The attorney for the Commonwealth reported that he had been informed that Elizabeth Land of Livingston County was of unsound mind; that she was 17 years of age and had no estate, but she did have a poor sister living in or near Paducah.
J.B. Husbands was appointed to represent Elizabeth, who was brought into court. A jury was present to decide Elizabeth’s fate. On this jury were Samuel Moxley, W.T. Hurley, William Gregory, Thos. Edmonds, C.C. Sullivant, W.T. Champion, William Canada, W.F. Champion, John Hankins, J.N. Paul, Wiley Spell and R.J. Robinson.

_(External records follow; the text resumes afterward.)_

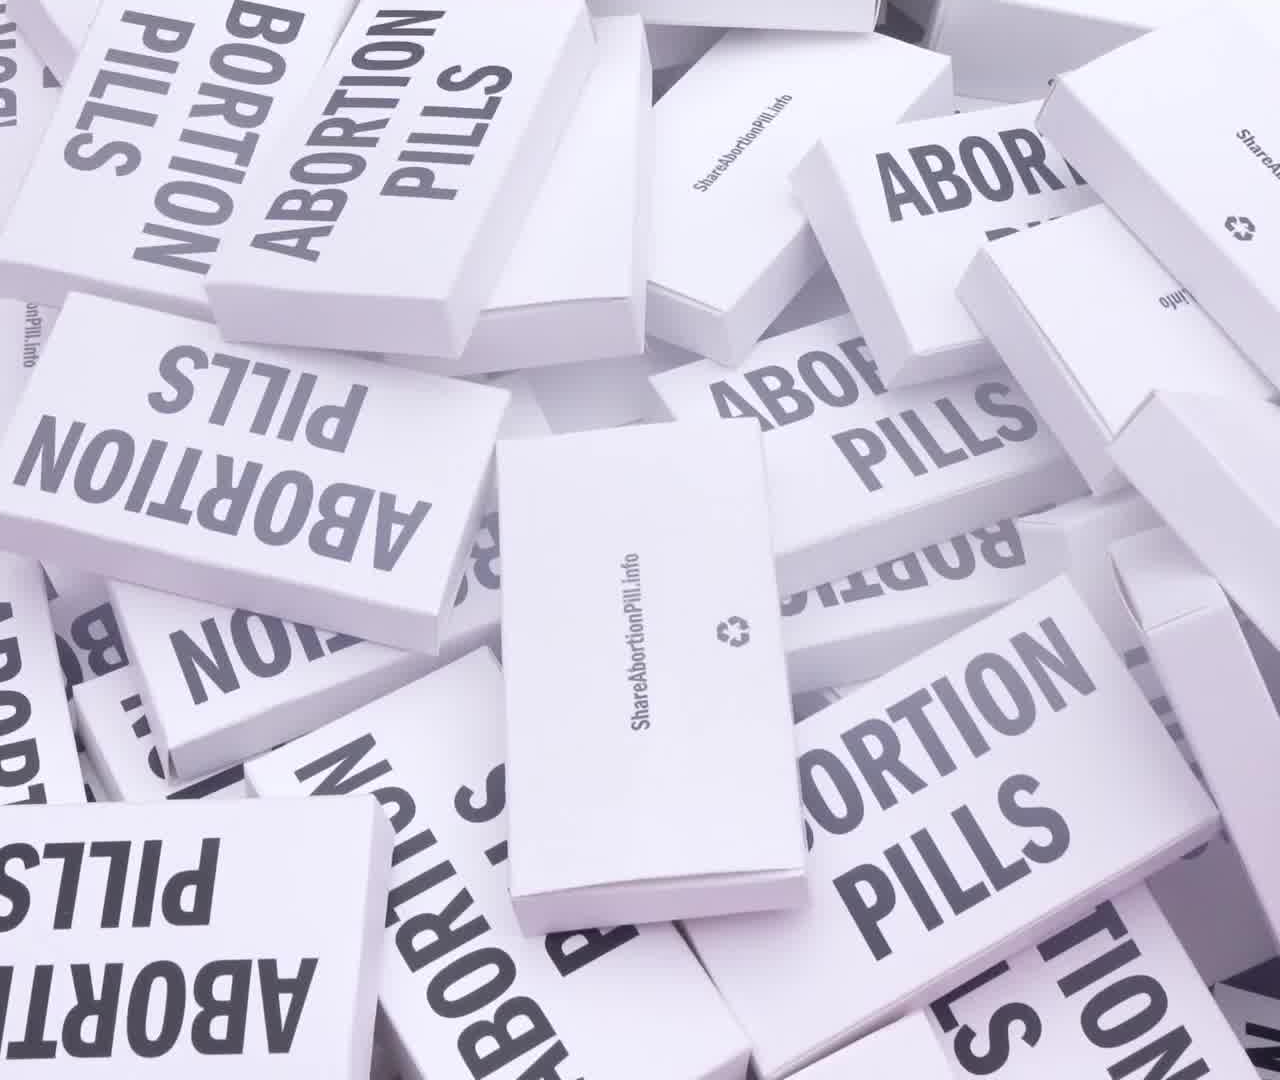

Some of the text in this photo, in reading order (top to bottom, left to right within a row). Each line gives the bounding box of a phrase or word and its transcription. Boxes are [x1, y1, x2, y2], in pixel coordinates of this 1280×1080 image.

[63, 9, 196, 177] PILLS
[250, 9, 447, 264] ABORTION
[380, 63, 513, 201] PILLS
[691, 91, 793, 194] ShareAbortionPill.info
[147, 345, 370, 454] PILLS
[832, 381, 1039, 493] PILLS
[12, 414, 433, 572] ABORTION
[618, 552, 651, 732] ShareAbortionPill.info
[796, 616, 1098, 854] ORTION
[831, 773, 1072, 963] PILLS

We don’t know what evidence was presented, but we do know the outcome. Having heard the evidence, the Jury returned the following verdict. "We of the Jury do find in this cause and say that sd. Elizabeth Land is of unsound mind and a lunatic. Has been partially but not entirely destitute of mind from her infancy or early youth from a cause natural or if otherwise unknown to us; she was born in North Carolina about the year 1838; she now resides in Livingston County, Ky; was brought into this state by her father some 12 or 14 years since & that she was not brought into this state for the purpose of becoming a charge upon the Commonwealth; she has no estate of any kind ... both of her parents are dead, one having died before Elizabeth was brought to Kentucky and the other since; neither of her parents left any estate of any kind whatsoever; she is nearly blind & entirely incapable of laboring & earning part of her support and we also find from the evidence that Elizabeth Land has heretofore & in the year 1852 in Livingston County by verdict and judgment of Livingston Circuit Court been found a lunatic; she is not in as good a condition physically now as at the time of the original inquest but had no estate then or now, her mind is much the same as at the time of the inquest." [signed] W.F. Champion, foreman of the jury. Ordered that James Snow continue to take charge of and provide for her suitable diet, clothing, etc. and that the allowance of $50 per annum be continued."
No record has been found to indicate what happened to Elizabeth after 1855, but we can be sure she did not live a pampered life on just $50 a year.